Start of RECORDS FOR THE EXERCISE

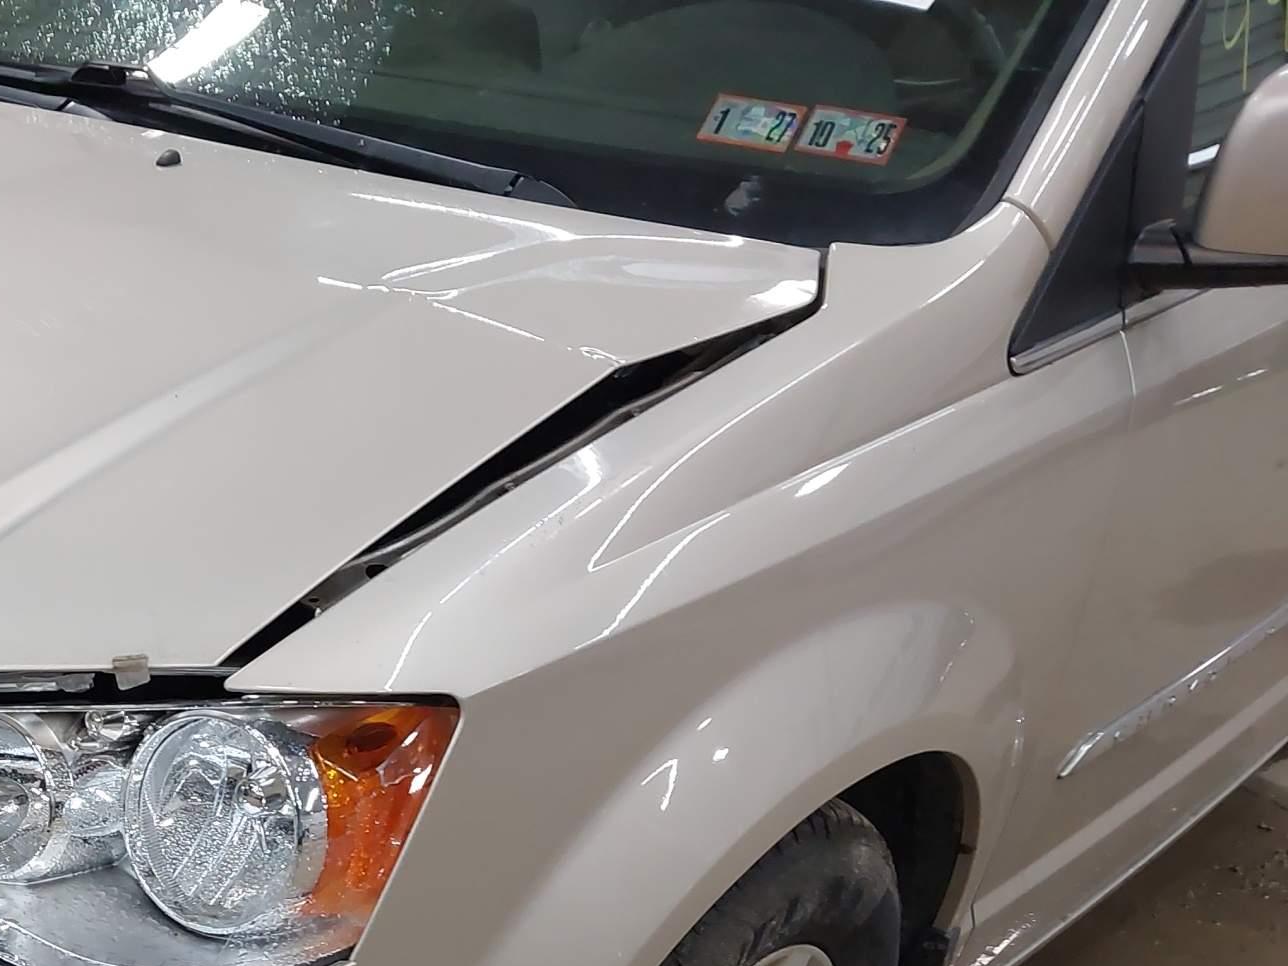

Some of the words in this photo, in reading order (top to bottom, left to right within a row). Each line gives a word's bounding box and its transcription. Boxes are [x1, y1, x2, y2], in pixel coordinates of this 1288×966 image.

[713, 106, 731, 135] 1
[765, 110, 797, 144] 27
[808, 120, 837, 149] 10
[864, 122, 897, 156] 25

End of RECORDS FOR THE EXERCISE

### GOAL OF THE EXERCISE
Repeat every line above exactly, but omit all images.

### COMPLETED EXERCISE
Some of the words in this photo, in reading order (top to bottom, left to right within a row). Each line gives a word's bounding box and its transcription. Boxes are [x1, y1, x2, y2], in pixel coordinates of this 1288×966 image.

[713, 106, 731, 135] 1
[765, 110, 797, 144] 27
[808, 120, 837, 149] 10
[864, 122, 897, 156] 25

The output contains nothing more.